Additionally, payment models for physician reimbursement are often unsupportive of teams rooted in whole-person care. Hybrid models with elements of fee-for-service and capitation reimbursement that reimburse the entire primary care team are ideal, but can be administratively complex, the authors wrote.

As the Workforce Shrinks, Gaps in Care Access Persist

The report highlighted a drop in the proportion of physicians practicing primary care in recent years. In 2010, 1 in 3 physicians practiced primary care, but only 1 in 5 medical residents between 2012 and 2020 were practicing primary care 2 years later. This indicates a need to strengthen the pipeline to primary care practice, the authors wrote.
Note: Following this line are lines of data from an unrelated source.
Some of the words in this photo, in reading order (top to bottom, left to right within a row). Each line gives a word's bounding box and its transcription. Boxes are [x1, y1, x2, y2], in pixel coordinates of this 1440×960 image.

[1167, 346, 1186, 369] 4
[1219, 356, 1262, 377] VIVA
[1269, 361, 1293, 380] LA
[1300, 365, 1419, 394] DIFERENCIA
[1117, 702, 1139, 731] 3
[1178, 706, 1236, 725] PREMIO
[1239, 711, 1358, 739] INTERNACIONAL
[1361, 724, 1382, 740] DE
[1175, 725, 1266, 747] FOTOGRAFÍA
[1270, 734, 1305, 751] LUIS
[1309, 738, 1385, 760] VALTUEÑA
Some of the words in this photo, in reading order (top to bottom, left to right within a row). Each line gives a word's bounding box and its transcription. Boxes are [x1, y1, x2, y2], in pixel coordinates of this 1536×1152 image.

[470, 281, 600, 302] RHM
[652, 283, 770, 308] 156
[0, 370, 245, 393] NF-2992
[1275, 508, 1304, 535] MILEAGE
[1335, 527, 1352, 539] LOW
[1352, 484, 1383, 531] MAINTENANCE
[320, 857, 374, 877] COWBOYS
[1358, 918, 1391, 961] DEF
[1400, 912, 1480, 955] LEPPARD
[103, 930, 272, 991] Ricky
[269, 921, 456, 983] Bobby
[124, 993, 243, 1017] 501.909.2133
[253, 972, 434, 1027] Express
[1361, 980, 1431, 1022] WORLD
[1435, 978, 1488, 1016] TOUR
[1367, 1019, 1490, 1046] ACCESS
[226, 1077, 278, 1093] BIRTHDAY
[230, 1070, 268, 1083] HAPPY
In 2010, 23% of US adults reported using the emergency department as a source of care and not having a PCP. This proportion climbed to 27% in 2020. The proportion of clinicians who perform primary care also varies by state, and primary care access overall is lacking in underserved communities, the authors noted. In underserved areas, there were approximately 55.8 PCPs per 100,000 people vs 79.7 PCPs per 100,000 in areas that were not considered medically underserved in 2020.

“Although efforts by organizations such as community health centers play a central role in providing access to patients in medically underserved areas, the data demonstrate that much of the country still falls short in meeting these critical access needs,” the authors wrote.
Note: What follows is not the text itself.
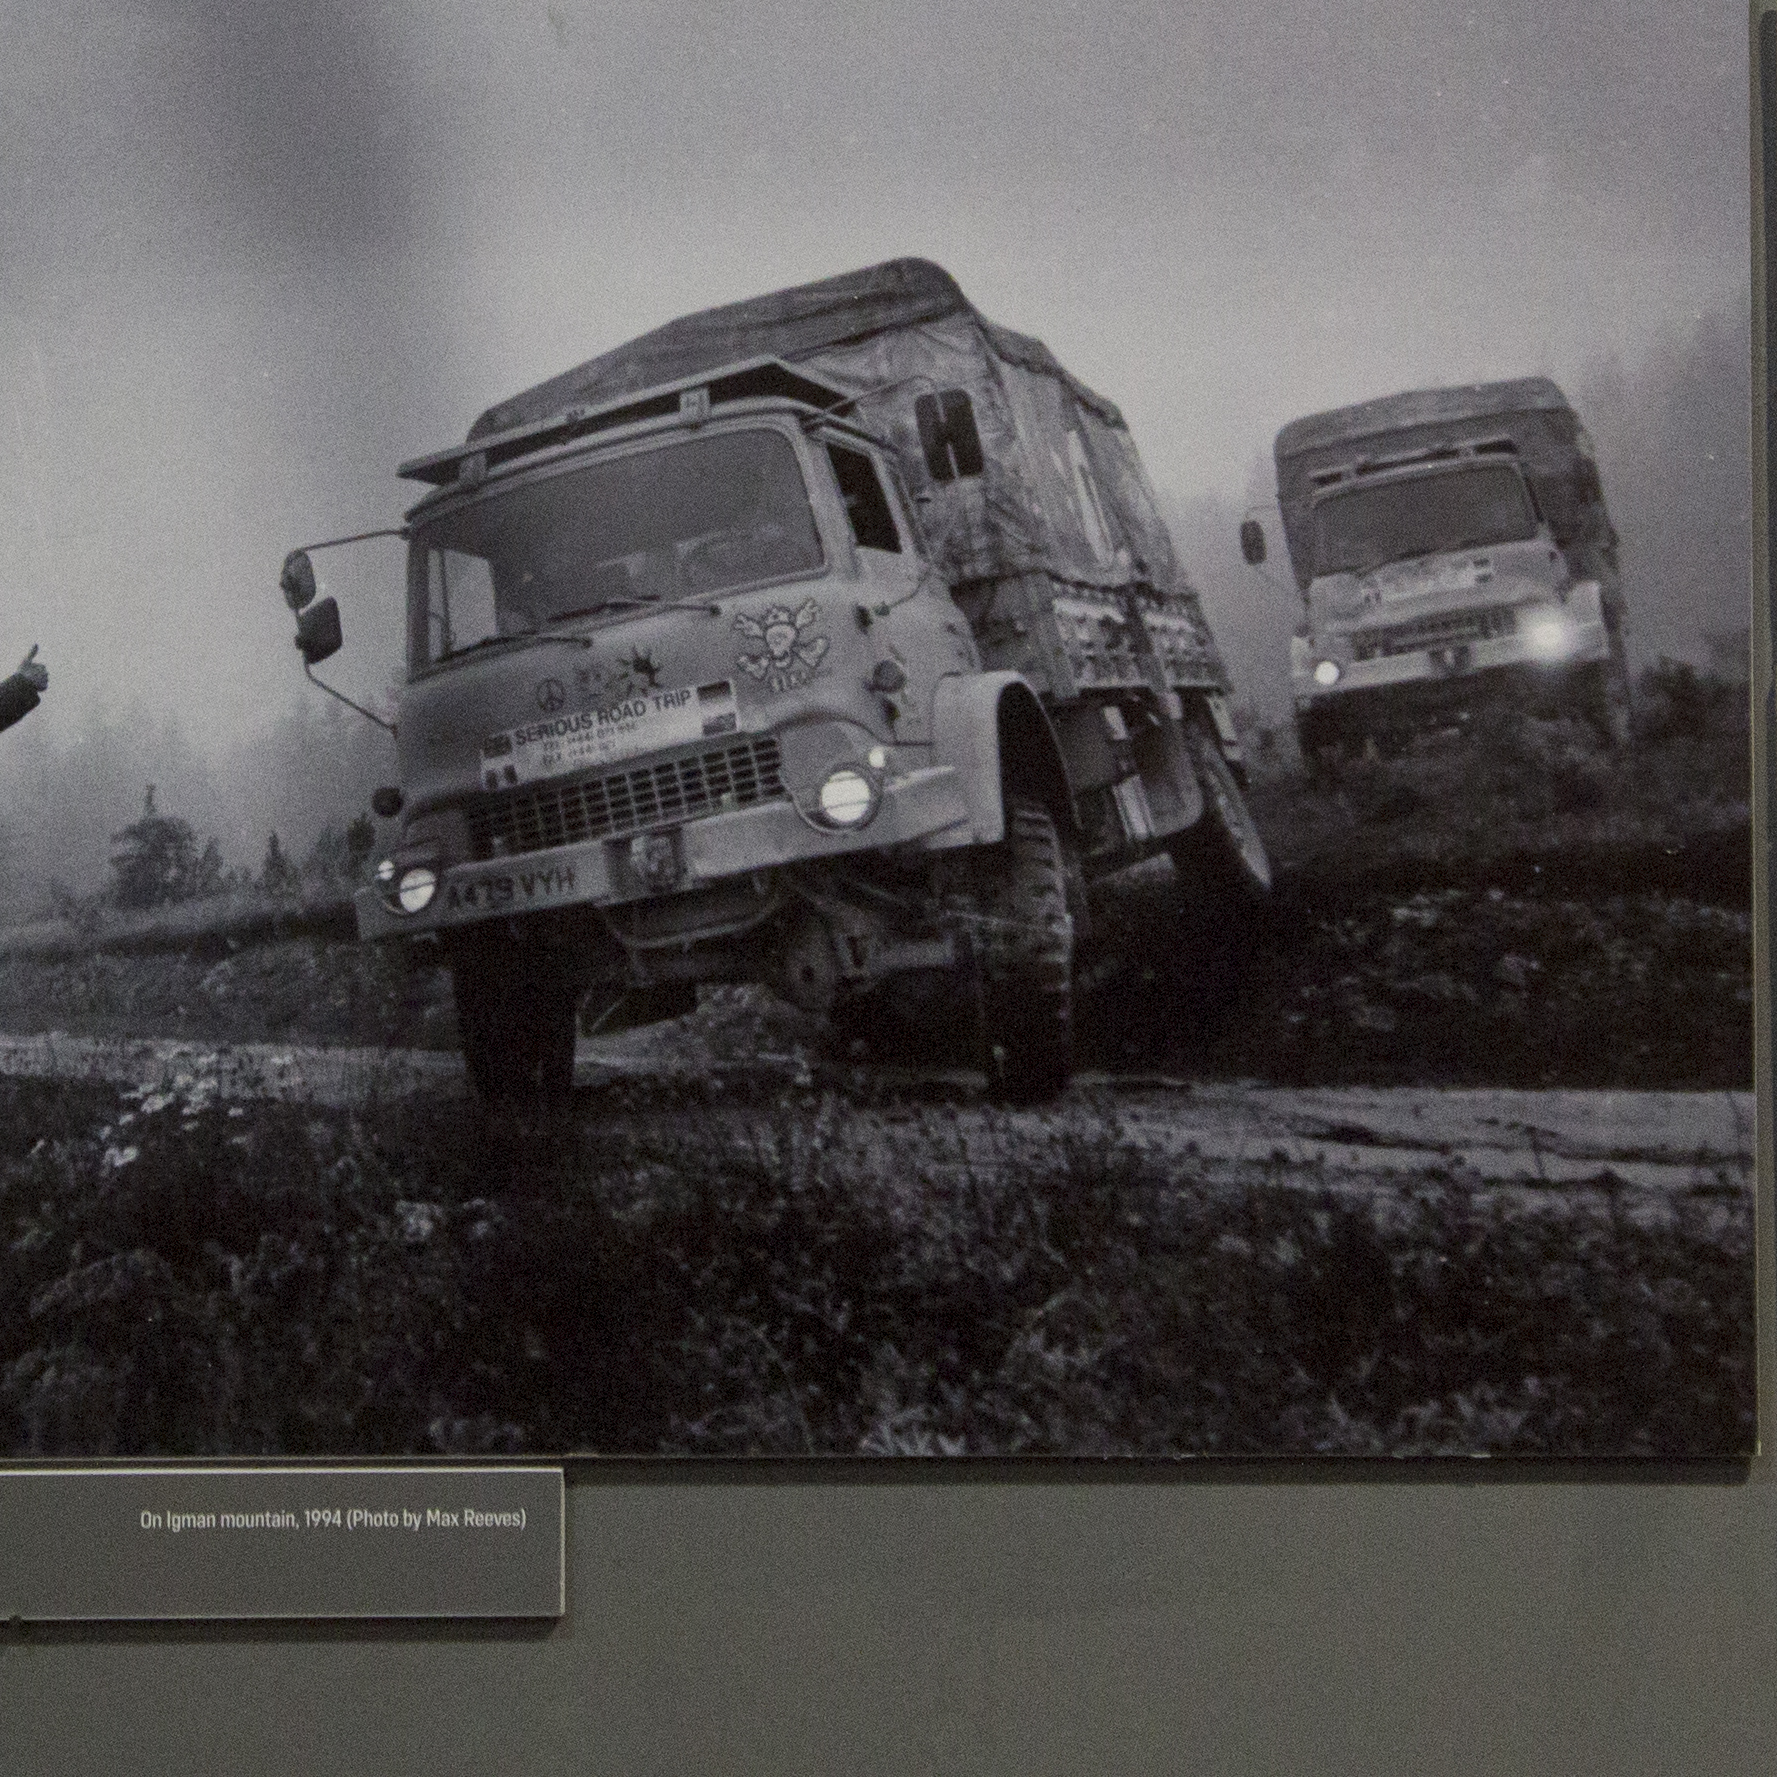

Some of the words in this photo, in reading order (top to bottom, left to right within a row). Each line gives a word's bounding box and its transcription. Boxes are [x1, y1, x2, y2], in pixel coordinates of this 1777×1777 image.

The Need for Training in Community Settings

Most primary care occurs in the community setting, and the NASEM report emphasized a need for training to reflect this. Some states expose all physicians to medically underserved areas or rural settings, but in some states, only 5.9% of physician residents will experience these settings in training, the scorecard report found.

The distribution of physician residents also does not align with the geographic areas where physicians are entering primary care, the authors noted. “The mismatch between training opportunities and PCP supply signals that graduate medical education funding is not set up to support the growth of primary care but instead encourages subspecialty fields,” they wrote. Graduate medical education funding is most often allocated to sponsor institutions, although primary care is more often performed in community settings.

Research Needs for All Stakeholders

Family medicine departments received just above 0.2% of the National Institutes of Health research funding. While there are other primary care specialties, family medicine was chosen as the measurement because it has the most US health care encounters, the authors noted. 

During the panel discussion, Yalda Jabbarpour, MD, lead author of the scorecard and director of the Robert Graham Center, also highlighted a lack of uniform data available for research purposes.

“If we don't have uniform data that's easily accessible to all stakeholders who want to research this either on the state or health system or national level, it's going to be hard to keep the nation accountable to moving towards implementing high-quality primary care,” Jabbarpour said. “As a research team, that was what we noticed right away…and we looked at these data in so many different ways, using so many different data sources. Maybe we didn't get to perfection, but we got to good enough—but it would be nice to not have to spend all those resources to do that.”

Overall, the baseline scorecard emphasizes a need for research and investment into primary care, as well as consistent reporting to improve care access, workforce development, and the PCP pipeline in the United States going forward.

“Our health care system is wildly out of balance and in critical need of reform,” Christopher Koller, president of the Milbank Memorial Fund, said in a statement. “We can do better, and this scorecard can serve as an essential tool for policymakers and other stakeholders to pursue policies that will increase investments in high-quality primary care in every community.”


1. Jabbarpour Y, Petterson S, Jetty A, Byun H. The health of US primary care: a baseline scorecard tracking support for high-quality primary care. February 22, 2023. Accessed February 23, 2023.

2. Underinvestment, workforce shortages, and lack of research funding threaten the future of America’s primary care. News release. Milbank Memorial Fund. February 22, 2022. Accessed February 23, 2023.